= Your assignment =
Please restate every record below word for word and skip the pictures.

= Records for this exercise =
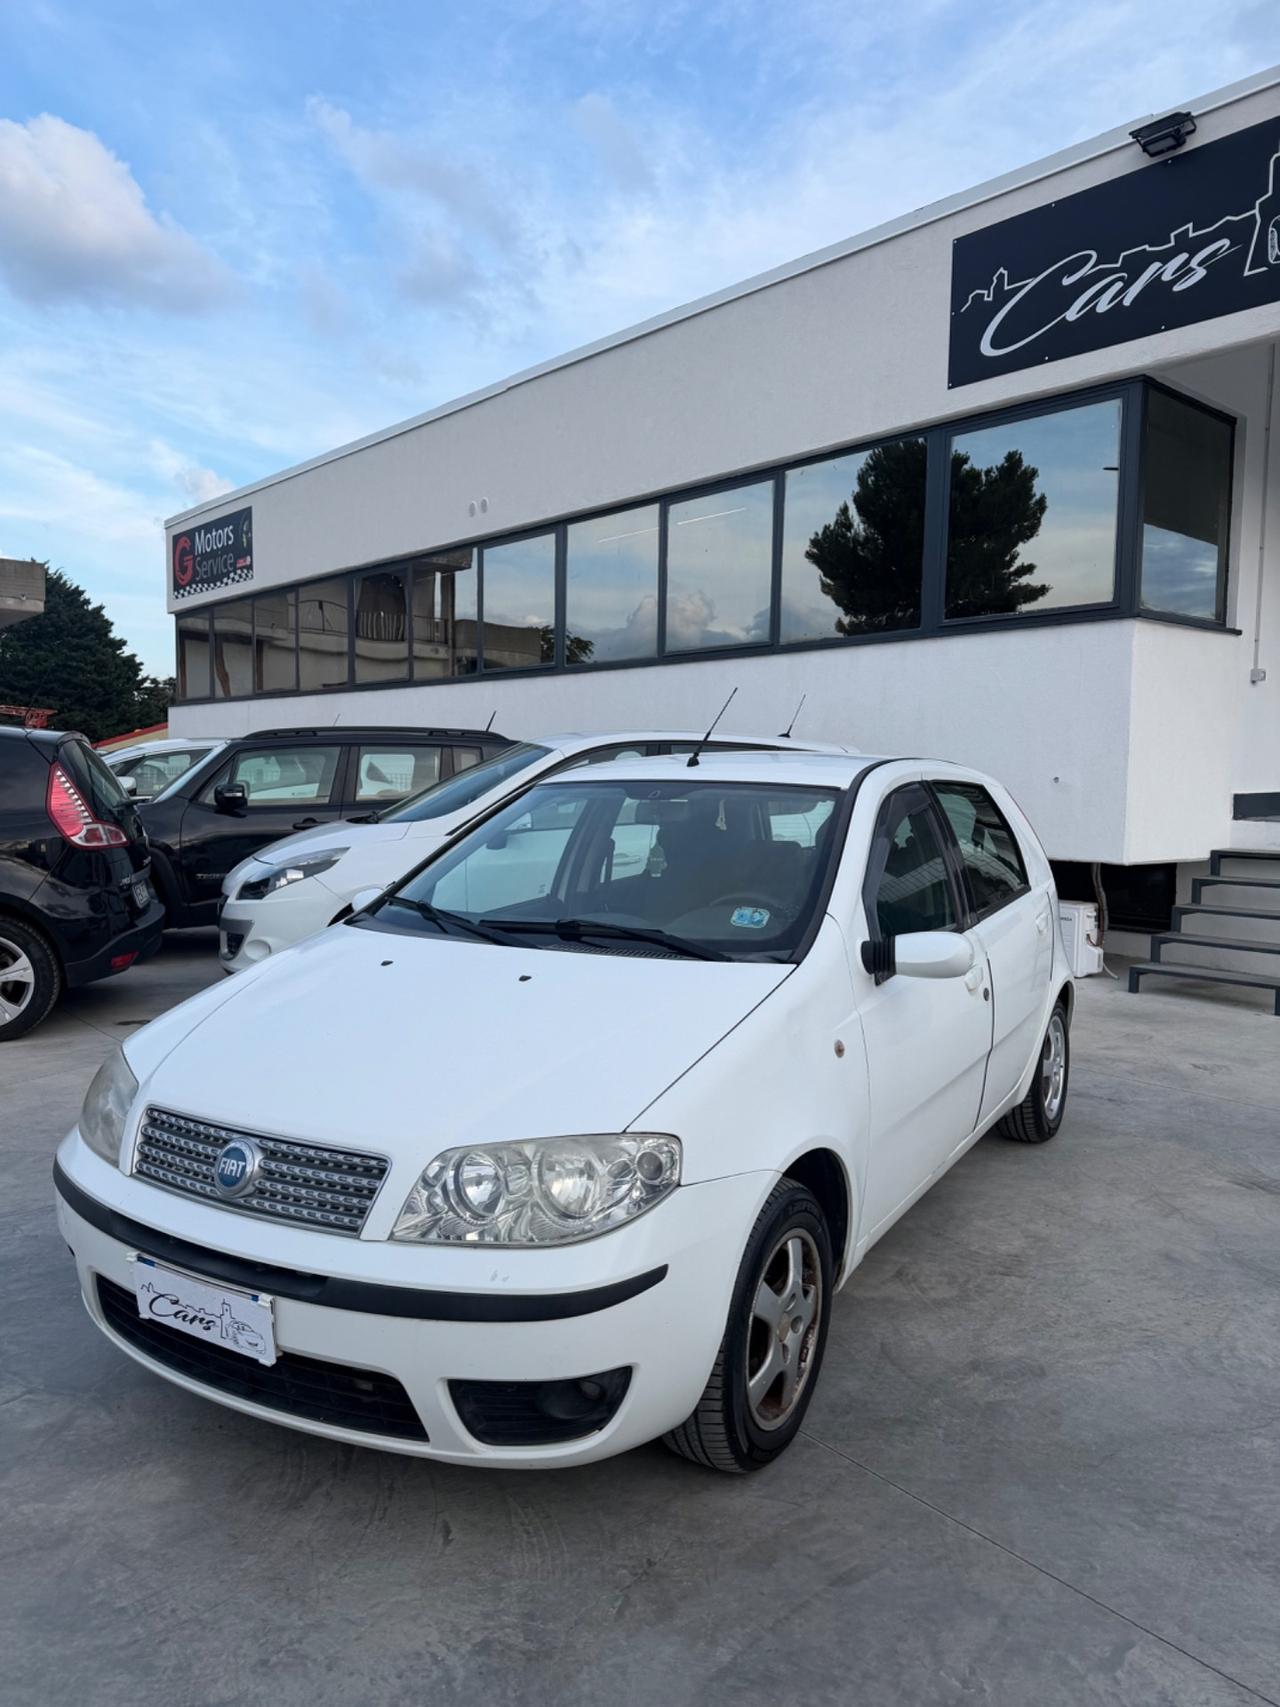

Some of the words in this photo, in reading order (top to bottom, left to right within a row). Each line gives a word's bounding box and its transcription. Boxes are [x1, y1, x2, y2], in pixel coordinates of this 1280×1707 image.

[980, 238, 1241, 357] Cars
[195, 525, 234, 556] Motors
[195, 551, 234, 581] Service
[218, 1157, 246, 1178] FIAT
[149, 1293, 217, 1331] Cars

= Expected output =
Some of the words in this photo, in reading order (top to bottom, left to right within a row). Each line gives a word's bounding box and its transcription. Boxes are [x1, y1, x2, y2], in pixel coordinates of this 1280×1707 image.

[980, 238, 1241, 357] Cars
[195, 525, 234, 556] Motors
[195, 551, 234, 581] Service
[218, 1157, 246, 1178] FIAT
[149, 1293, 217, 1331] Cars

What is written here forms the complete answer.